Montenegro bleibt Djukanovic-Land

Podgorica/Belgrad (dpa) - Seit mehr als zwei Jahrzehnten ist Milo Djukanovic der starke Mann Montenegros. Jetzt ist er zum siebten Mal Regierungschef des EU-Beitrittskandidaten.

Das Parlament wählte den 50-Jährigen am späten Dienstagabend an die Spitze seines neuen Kabinetts. Diesmal kann Djukanovic schalten und walten wie fast nie zuvor: Die Opposition ist tief zerstritten und die USA haben ihm erst vor wenigen Tagen mit ihrem Vertrauen einen Blankoscheck ausgestellt.

Trotz immer stärkerer Bedenken von EU-Ländern gegen den starken Mann des kleinen Adrialandes steht Milo Djukanovic so mächtig wie nie da.

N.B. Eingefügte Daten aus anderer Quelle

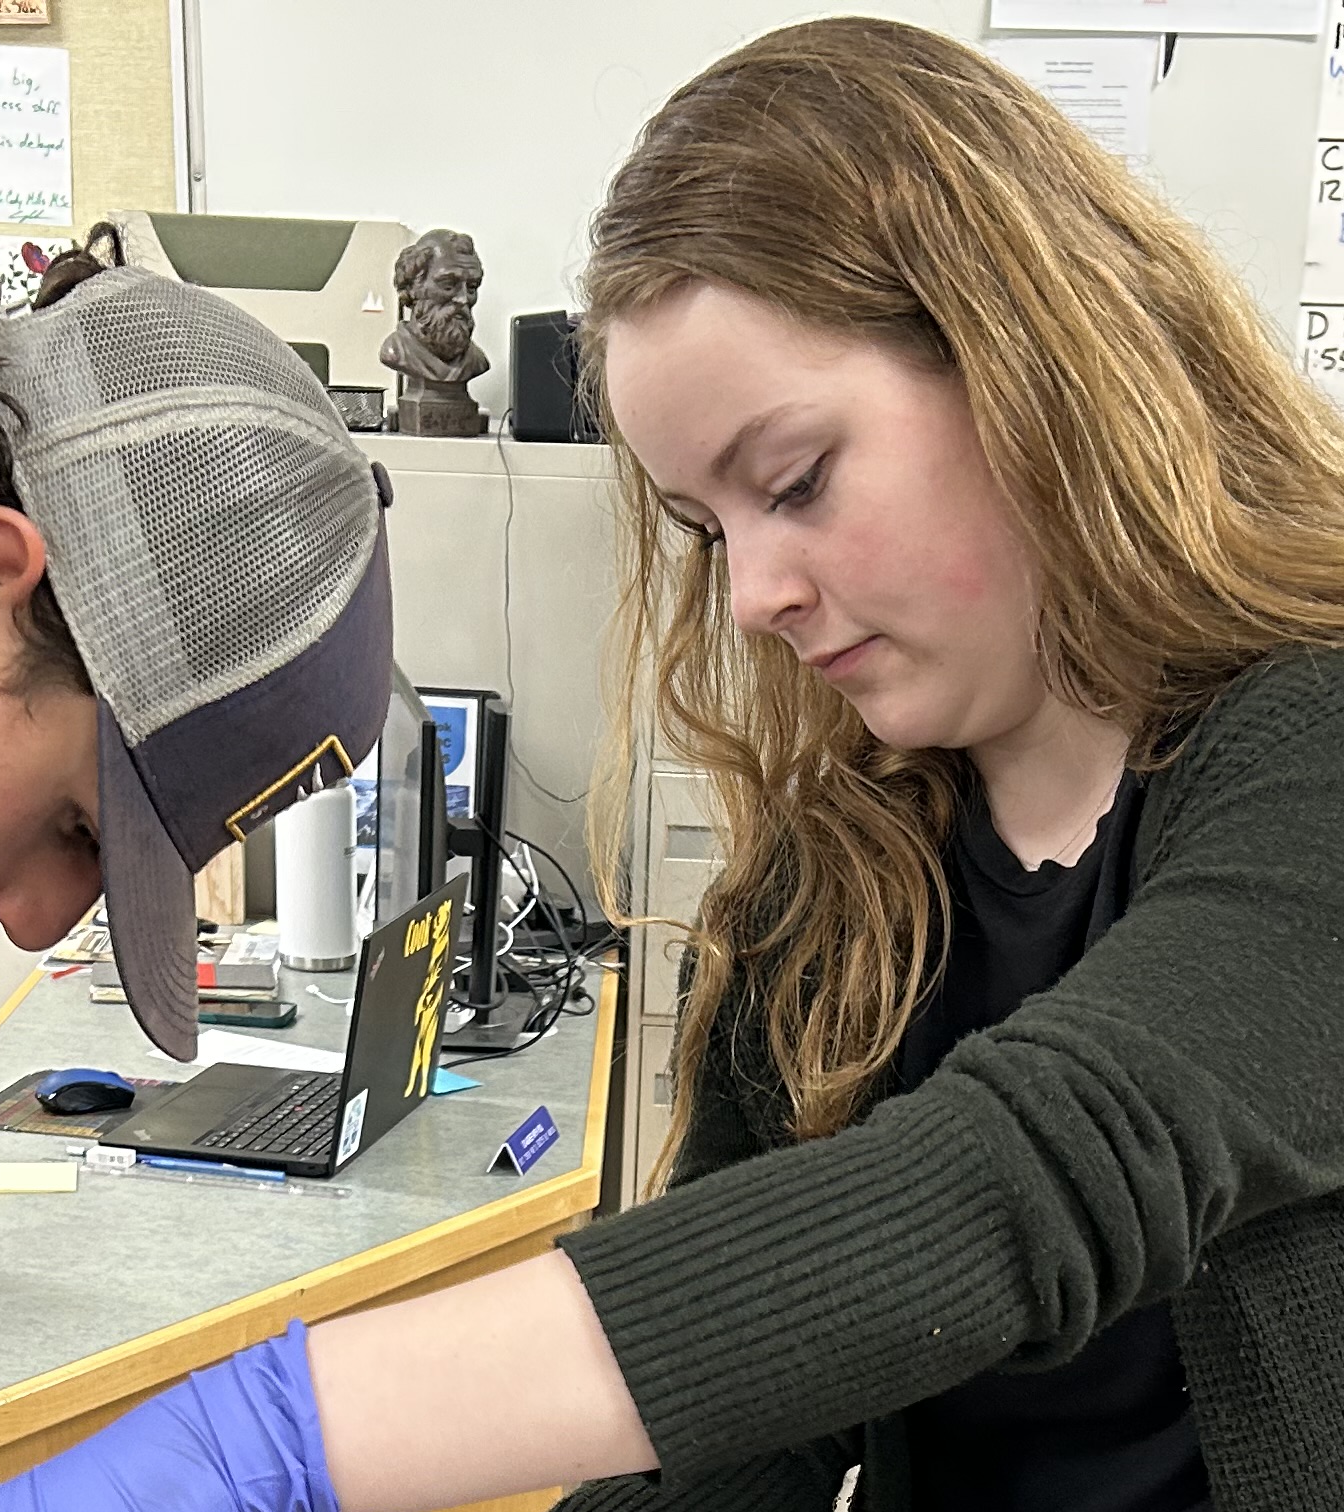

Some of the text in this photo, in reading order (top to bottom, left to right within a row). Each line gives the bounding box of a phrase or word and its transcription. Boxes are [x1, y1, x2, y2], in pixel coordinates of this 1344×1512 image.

[13, 67, 40, 95] big,
[32, 99, 63, 115] stuff
[19, 133, 65, 157] delayed
[1321, 145, 1344, 171] C
[1307, 311, 1329, 341] D

Sein Bruder Aco besitzt die Erste Bank, die wiederholt mit Staatsgeldern gerettet wurde. Seine Schwester Ana Kolarevic ist bevorzugte Anwältin im Land, ihr Name wird immer wieder mit Schmiergeldzahlungen rund um die Privatisierung der Telekom genannt.

In westlichen Hauptstädten wird mit Sorge beobachtet, dass im Land unbotmäßige Journalisten verprügelt oder ermordet wurden, kritische Zeitungen wie „Vijesti“ und „Dan“ mit Millionenklagen mundtot gemacht werden sollen und der Dachverband der Bürgerinitiativen Kontakte von Sicherheitsbehörden zur Organisierten Kriminalität anprangert. Auch dass Djukanovic den Ausverkauf der montenegrinischen Küste an dubiose russische Oligarchen zuließ, weckte in Brüssel Misstrauen.

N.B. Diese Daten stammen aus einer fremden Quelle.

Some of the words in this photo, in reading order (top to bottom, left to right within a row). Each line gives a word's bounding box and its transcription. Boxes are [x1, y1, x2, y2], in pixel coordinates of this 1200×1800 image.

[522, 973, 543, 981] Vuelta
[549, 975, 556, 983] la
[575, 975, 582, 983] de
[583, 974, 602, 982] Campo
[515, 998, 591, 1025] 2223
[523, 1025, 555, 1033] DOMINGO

In Italien beginnt im Frühjahr ein neuer Prozess gegen einstige Mitarbeiter von Djukanovic wegen großangelegten Zigarettenschmuggels in den 1990er Jahren mit zweistelligem Milliarden-Euro-Schaden. Djukanovic selbst ist jetzt durch seine Immunität als Regierungschef geschützt. Der einstige Djukanovic-Intimus Srecko Kestner wurde zwar im vergangenen Monat von Bosnien nach Deutschland ausgeliefert. Doch im Prozess vor dem Landgericht Hof fragten weder Anklage noch Richter nach Djukanovic, obwohl Kestner diesen vor Jahren als Drahtzieher des Schmuggels bezeichnet hatte.

Vor diesem Hintergrund rieben sich Djukanovic-Kritiker verwundert die Augen, dass die USA in der vergangenen Woche demonstrativer denn je dem Spitzenpolitiker ihr uneingeschränktes Vertrauen aussprachen. „Ich habe ihn oft getroffen und betrachte ihn als Freund“, sagte der für die Balkanländer zuständige US-Spitzendiplomat Philip Reeker: „Er versteht die ganze Region und wir freuen uns auf die Fortsetzung der intensiven Zusammenarbeit“.